Bell did not answer. He could think of nothing but the mission he had set himself. He tinkered with the engine to make it speed up, and set the sails with infinite care to take every possible advantage of the stiff breeze that blew. During the day, those sails proved almost as much of a nuisance as a help. The fiendish, sullen williwaws that blow furiously and without warning about the Strait required watching, and more than once it was necessary to reef everything and depend on the motor alone.
Bell watched the horizon ahead with smouldering eyes. Jamison watched him almost worriedly.
"Look here, Bell," he said at last, "you'll get nowhere feeling like you do. I know you've done The Master more damage than I have, but you'll just run your head into a trap unless you use your brains. For instance, you didn't ask about communications. There's a direct telegraph wire from Cape Virgins to Buenos Aires, and there's telephonic communication between the Cape and Punta Arenas. Do you imagine that the plane wasn't seen when it came in the Cape? And do you imagine The Master doesn't know we're here?"
Bell turned, then, and frowned blackly.
"I hadn't thought of it," he said grimly, "but I put some hand grenades in the locker, there."

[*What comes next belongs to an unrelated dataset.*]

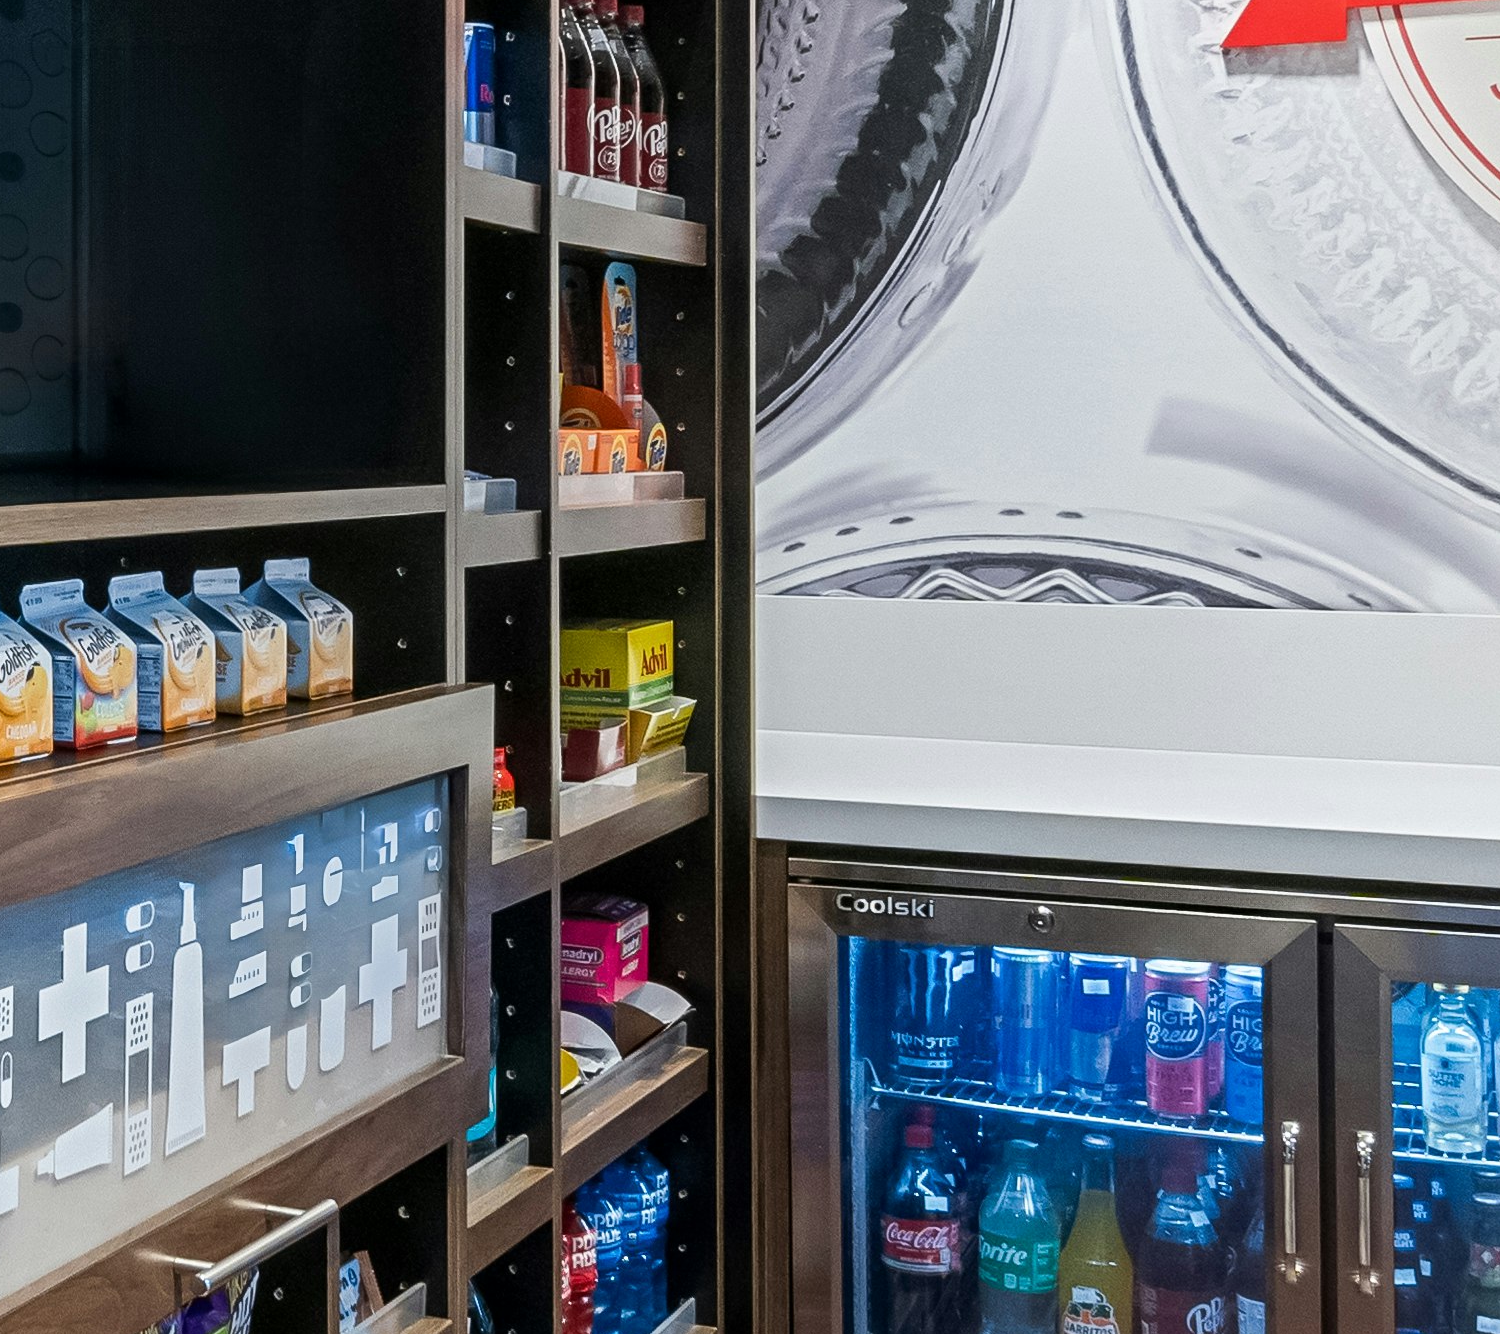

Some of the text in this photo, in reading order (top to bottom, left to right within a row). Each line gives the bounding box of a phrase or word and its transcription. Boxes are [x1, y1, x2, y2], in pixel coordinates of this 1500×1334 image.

"You damned fool!" said Jamison angrily. "Stop being bloodthirsty and use your head! You haven't even asked what I've done! I've done something, anyhow. That bundle I chucked in the bow has a couple of sheepmen's outfits in it. Lots of sheep raised around here. We'll put 'em on before we land. And like a good general, I arranged a method of retreat before we left B. A. There'll be a naval vessel here in two or three days. She's carrying a party of Government scientists. She'll anchor in Punta Arenas harbor and announce a case of some infectious disease on board. No shore leave, you see, and nobody from shore permitted on board her. And she has one or two damned good analytical chemists with a damned good laboratory on board her, too. It's a long gamble, but if we can get hold of some of The Master's poison.... Do you see?"
"Yes," said Bell heavily. "I see. But you haven't been through what I've been through. What I've done, fighting that devil, has caused men to be deserted after being enslaved. There's one place, Cuyaba...."

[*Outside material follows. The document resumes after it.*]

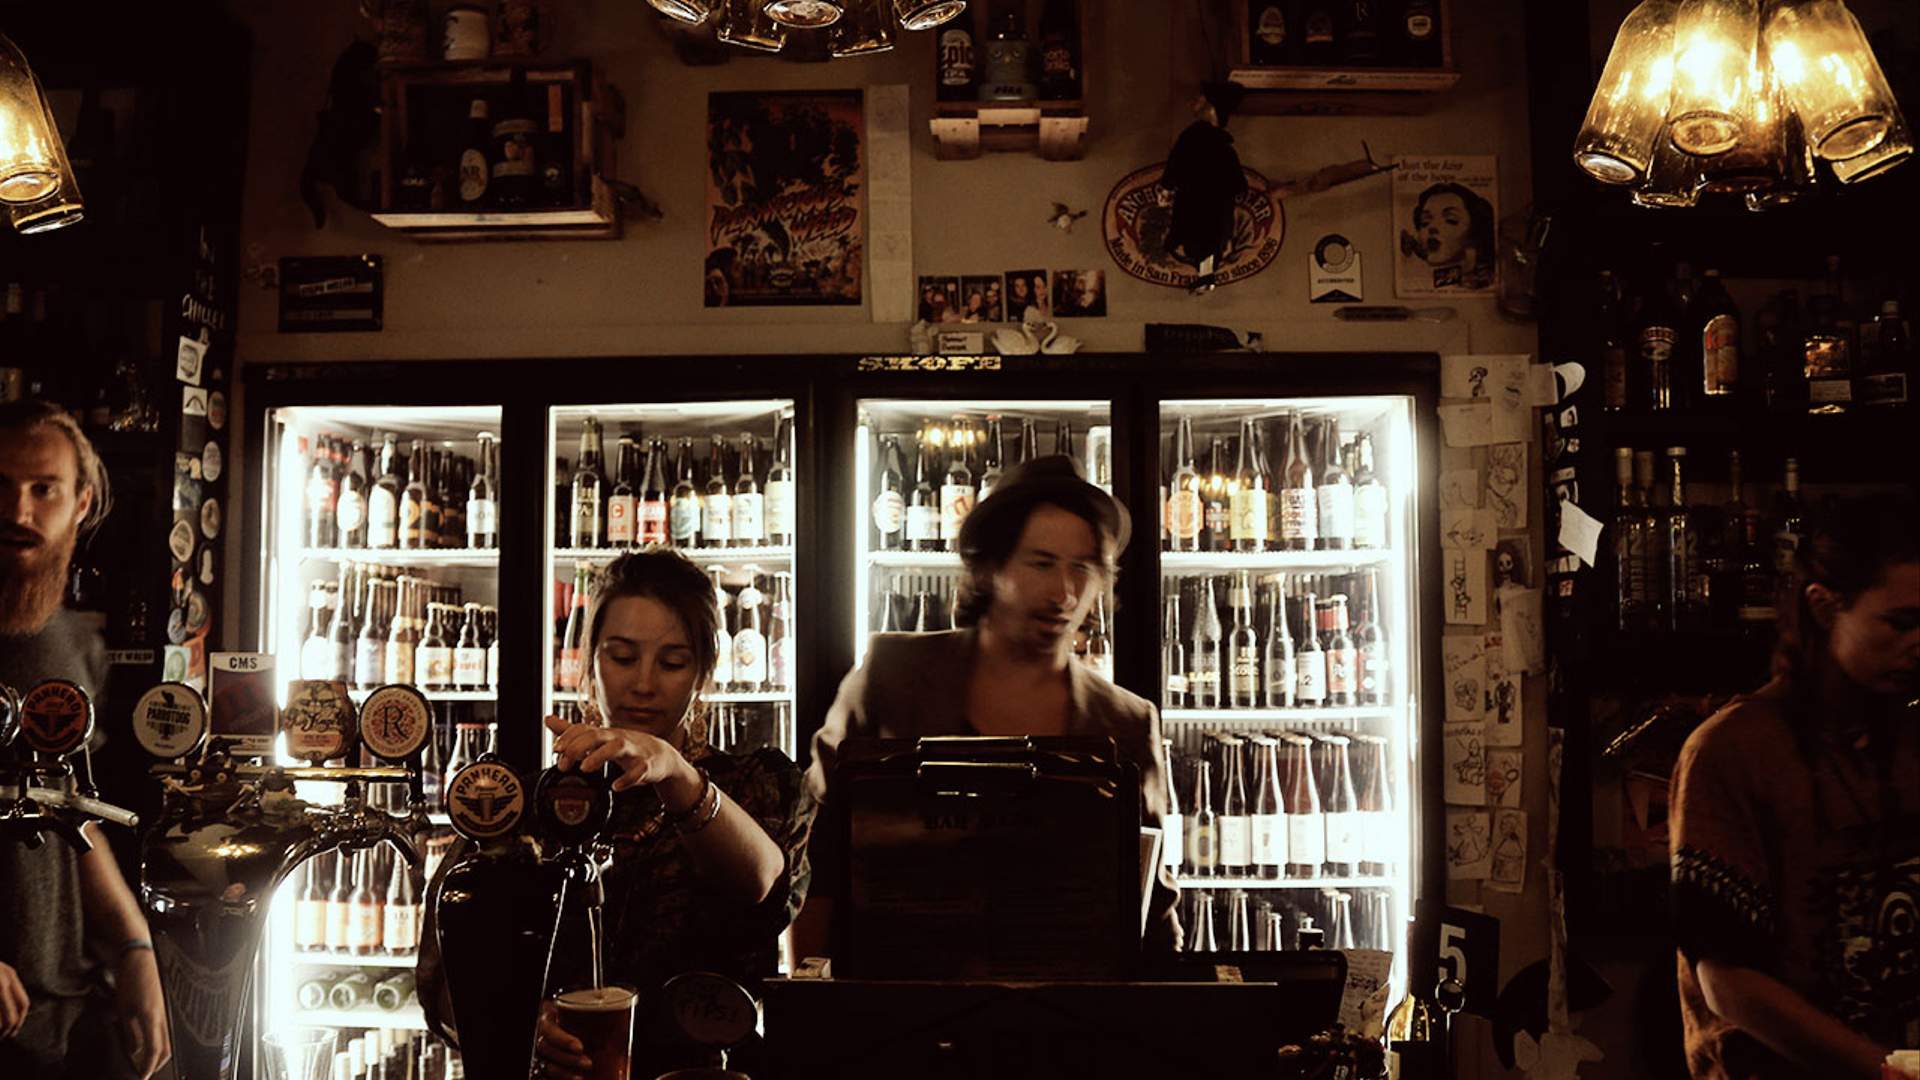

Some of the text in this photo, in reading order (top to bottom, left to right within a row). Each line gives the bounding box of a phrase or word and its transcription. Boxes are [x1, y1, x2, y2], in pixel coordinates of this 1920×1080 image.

His face twitched. That place was in his dreams, now. That place and others where human beings had watched their bodies go mad, and had been carried about screaming with horror at the crimes those bodies committed....
"I'm going to kill The Master," he rasped. "That's all."

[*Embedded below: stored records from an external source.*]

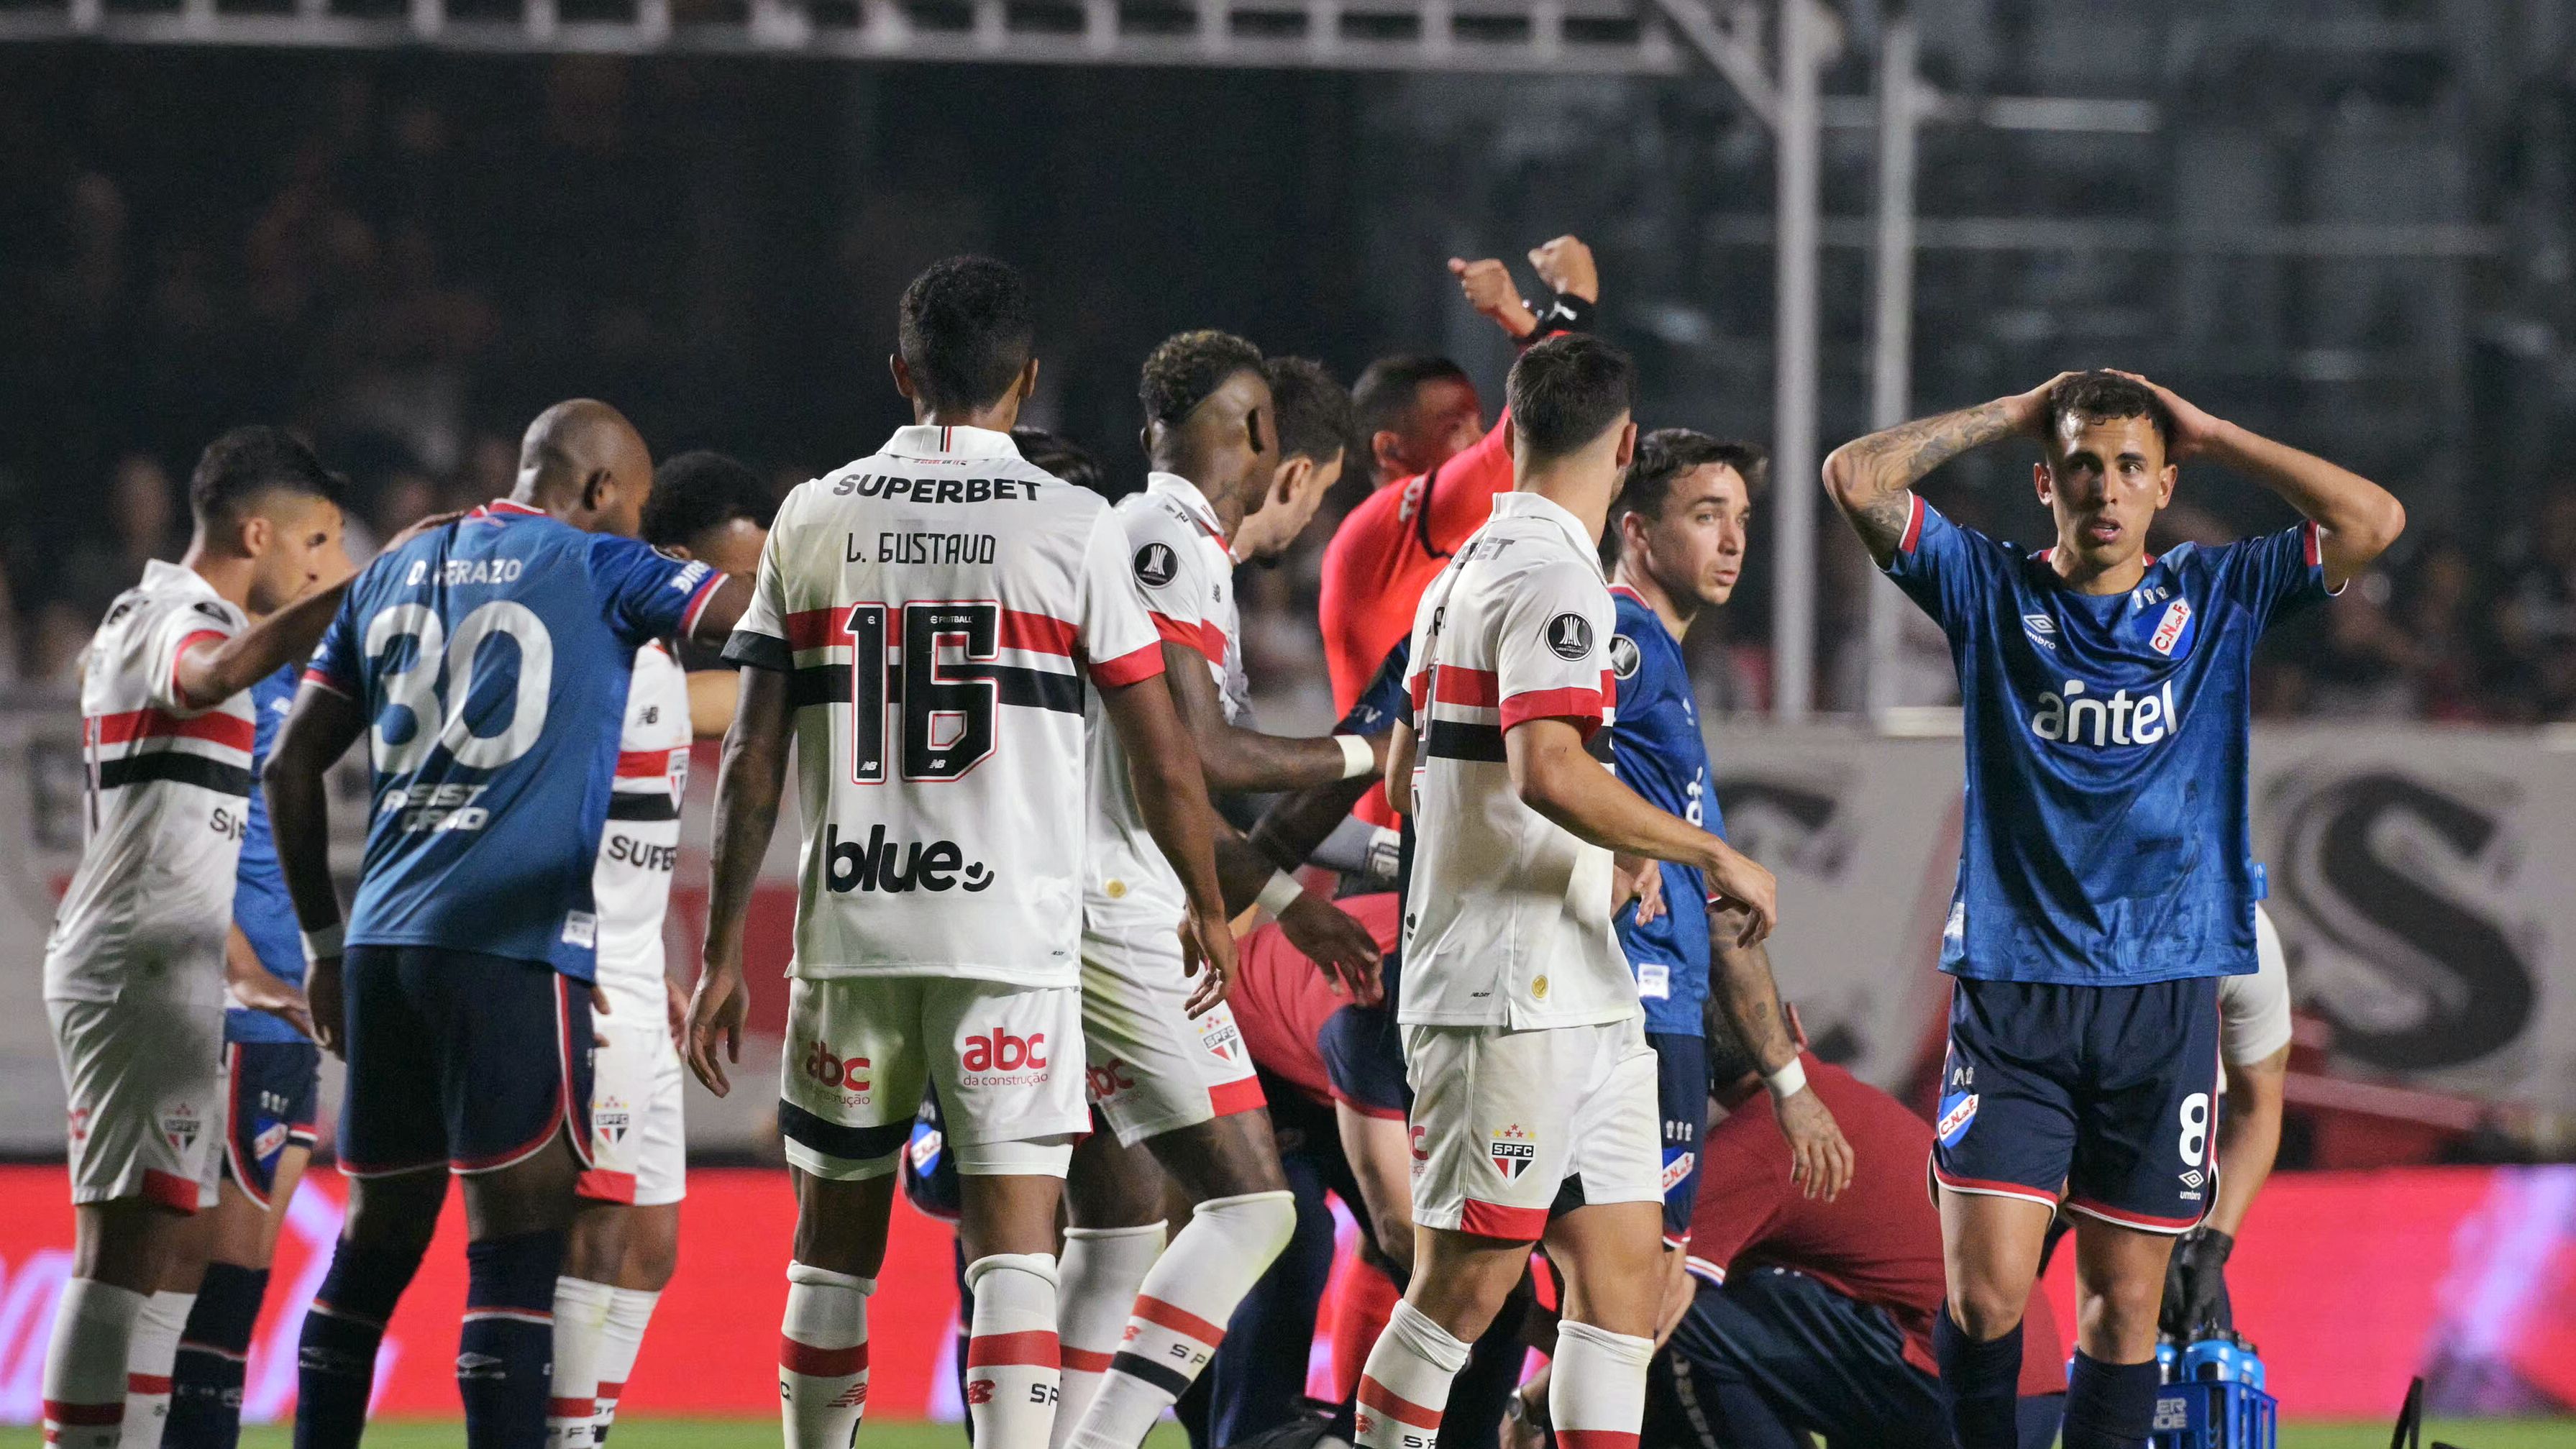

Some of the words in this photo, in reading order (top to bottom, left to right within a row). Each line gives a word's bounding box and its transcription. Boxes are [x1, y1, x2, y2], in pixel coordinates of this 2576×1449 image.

[833, 472, 1041, 503] SUPERBET
[847, 532, 867, 564] L.
[878, 532, 996, 564] GUSTAVO
[365, 599, 554, 775] 30
[844, 600, 1001, 785] 16
[2032, 679, 2177, 746] antel
[826, 823, 963, 894] blue
[963, 1027, 1047, 1072] abc
[1204, 1025, 1236, 1048] SPFC
[806, 1040, 870, 1092] abc
[963, 1075, 979, 1086] da
[982, 1072, 1049, 1087] construção
[1493, 1144, 1533, 1156] SPFC
[2179, 1092, 2209, 1167] 8
[2180, 1191, 2201, 1201] umbro

He settled down to his grim watch for the city. All during the cloudy, overcast day he strained his eyes ahead. Jamison could make nothing of him. In the end he had to leave Bell to his moody waiting.
The morning passed, and midday, and a long afternoon. Three times Bell came restlessly back to the engine and tried to coax more speed out of it. But when darkness fell the town was still not in sight. They kept on, then, steering by the stars with the motor putt-putt-putting sturdily away in the stern. The water splashed and washed all about them. The little boat rose, and fell, and rose and fell again.
"That's the town," said Bell grimly.
It was eleven at night, or later. Lights began to appear, very far away, dancing miragelike on the edge of the water. They grew nearer with almost infinite slowness. Two wide bands of many lights, with a darker space in which a few much brighter lights showed clearly. Presently a single red light appeared, the Punta Arenas harbor light, twenty-five feet up on an iron pole. They passed it.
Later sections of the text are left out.